Brief:
Make a verbatim copy of all the records.

Data shown:

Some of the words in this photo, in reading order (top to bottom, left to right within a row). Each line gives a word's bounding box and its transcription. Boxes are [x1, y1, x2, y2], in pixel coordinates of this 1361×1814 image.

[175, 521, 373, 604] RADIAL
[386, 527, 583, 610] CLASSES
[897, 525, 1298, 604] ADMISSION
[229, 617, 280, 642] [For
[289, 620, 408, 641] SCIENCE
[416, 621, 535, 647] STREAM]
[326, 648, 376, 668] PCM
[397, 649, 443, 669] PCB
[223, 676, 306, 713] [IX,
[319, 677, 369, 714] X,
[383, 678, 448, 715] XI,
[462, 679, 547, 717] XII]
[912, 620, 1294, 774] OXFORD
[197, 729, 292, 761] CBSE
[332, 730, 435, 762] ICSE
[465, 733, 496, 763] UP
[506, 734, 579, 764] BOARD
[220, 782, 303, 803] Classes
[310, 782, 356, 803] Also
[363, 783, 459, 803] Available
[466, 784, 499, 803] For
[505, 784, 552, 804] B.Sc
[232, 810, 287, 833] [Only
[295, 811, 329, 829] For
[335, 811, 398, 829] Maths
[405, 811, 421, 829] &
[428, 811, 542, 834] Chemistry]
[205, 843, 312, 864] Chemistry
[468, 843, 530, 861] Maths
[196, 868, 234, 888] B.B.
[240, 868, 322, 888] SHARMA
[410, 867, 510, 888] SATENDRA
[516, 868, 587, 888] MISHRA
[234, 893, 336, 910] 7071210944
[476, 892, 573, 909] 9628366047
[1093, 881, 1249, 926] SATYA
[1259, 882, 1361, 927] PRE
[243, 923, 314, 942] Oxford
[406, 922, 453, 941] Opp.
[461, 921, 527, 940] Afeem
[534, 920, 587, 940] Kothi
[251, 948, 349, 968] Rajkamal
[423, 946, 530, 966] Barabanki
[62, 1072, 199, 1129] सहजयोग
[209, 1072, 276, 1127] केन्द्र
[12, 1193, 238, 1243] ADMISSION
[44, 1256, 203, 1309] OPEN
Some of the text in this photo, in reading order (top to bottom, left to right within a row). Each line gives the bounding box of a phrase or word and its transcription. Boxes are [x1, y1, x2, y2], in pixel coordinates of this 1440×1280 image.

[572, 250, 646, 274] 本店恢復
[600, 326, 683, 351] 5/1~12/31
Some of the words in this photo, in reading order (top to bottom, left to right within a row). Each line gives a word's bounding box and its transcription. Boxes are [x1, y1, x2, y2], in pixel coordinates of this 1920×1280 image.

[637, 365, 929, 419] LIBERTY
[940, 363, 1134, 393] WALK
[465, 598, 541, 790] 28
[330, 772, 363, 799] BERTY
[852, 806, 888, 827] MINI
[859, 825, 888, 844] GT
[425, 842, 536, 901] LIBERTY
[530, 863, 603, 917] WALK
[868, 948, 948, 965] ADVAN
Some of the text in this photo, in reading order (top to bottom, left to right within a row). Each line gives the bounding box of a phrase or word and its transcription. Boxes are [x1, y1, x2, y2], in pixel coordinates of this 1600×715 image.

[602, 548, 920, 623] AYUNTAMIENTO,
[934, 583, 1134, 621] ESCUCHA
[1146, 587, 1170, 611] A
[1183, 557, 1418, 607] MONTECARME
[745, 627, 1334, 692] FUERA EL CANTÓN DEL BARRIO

Expected answer:
Some of the words in this photo, in reading order (top to bottom, left to right within a row). Each line gives a word's bounding box and its transcription. Boxes are [x1, y1, x2, y2], in pixel coordinates of this 1361×1814 image.

[175, 521, 373, 604] RADIAL
[386, 527, 583, 610] CLASSES
[897, 525, 1298, 604] ADMISSION
[229, 617, 280, 642] [For
[289, 620, 408, 641] SCIENCE
[416, 621, 535, 647] STREAM]
[326, 648, 376, 668] PCM
[397, 649, 443, 669] PCB
[223, 676, 306, 713] [IX,
[319, 677, 369, 714] X,
[383, 678, 448, 715] XI,
[462, 679, 547, 717] XII]
[912, 620, 1294, 774] OXFORD
[197, 729, 292, 761] CBSE
[332, 730, 435, 762] ICSE
[465, 733, 496, 763] UP
[506, 734, 579, 764] BOARD
[220, 782, 303, 803] Classes
[310, 782, 356, 803] Also
[363, 783, 459, 803] Available
[466, 784, 499, 803] For
[505, 784, 552, 804] B.Sc
[232, 810, 287, 833] [Only
[295, 811, 329, 829] For
[335, 811, 398, 829] Maths
[405, 811, 421, 829] &
[428, 811, 542, 834] Chemistry]
[205, 843, 312, 864] Chemistry
[468, 843, 530, 861] Maths
[196, 868, 234, 888] B.B.
[240, 868, 322, 888] SHARMA
[410, 867, 510, 888] SATENDRA
[516, 868, 587, 888] MISHRA
[234, 893, 336, 910] 7071210944
[476, 892, 573, 909] 9628366047
[1093, 881, 1249, 926] SATYA
[1259, 882, 1361, 927] PRE
[243, 923, 314, 942] Oxford
[406, 922, 453, 941] Opp.
[461, 921, 527, 940] Afeem
[534, 920, 587, 940] Kothi
[251, 948, 349, 968] Rajkamal
[423, 946, 530, 966] Barabanki
[62, 1072, 199, 1129] सहजयोग
[209, 1072, 276, 1127] केन्द्र
[12, 1193, 238, 1243] ADMISSION
[44, 1256, 203, 1309] OPEN
Some of the text in this photo, in reading order (top to bottom, left to right within a row). Each line gives the bounding box of a phrase or word and its transcription. Boxes are [x1, y1, x2, y2], in pixel coordinates of this 1440×1280 image.

[572, 250, 646, 274] 本店恢復
[600, 326, 683, 351] 5/1~12/31
Some of the words in this photo, in reading order (top to bottom, left to right within a row). Each line gives a word's bounding box and its transcription. Boxes are [x1, y1, x2, y2], in pixel coordinates of this 1920×1280 image.

[637, 365, 929, 419] LIBERTY
[940, 363, 1134, 393] WALK
[465, 598, 541, 790] 28
[330, 772, 363, 799] BERTY
[852, 806, 888, 827] MINI
[859, 825, 888, 844] GT
[425, 842, 536, 901] LIBERTY
[530, 863, 603, 917] WALK
[868, 948, 948, 965] ADVAN
Some of the text in this photo, in reading order (top to bottom, left to right within a row). Each line gives the bounding box of a phrase or word and its transcription. Boxes are [x1, y1, x2, y2], in pixel coordinates of this 1600×715 image.

[602, 548, 920, 623] AYUNTAMIENTO,
[934, 583, 1134, 621] ESCUCHA
[1146, 587, 1170, 611] A
[1183, 557, 1418, 607] MONTECARME
[745, 627, 1334, 692] FUERA EL CANTÓN DEL BARRIO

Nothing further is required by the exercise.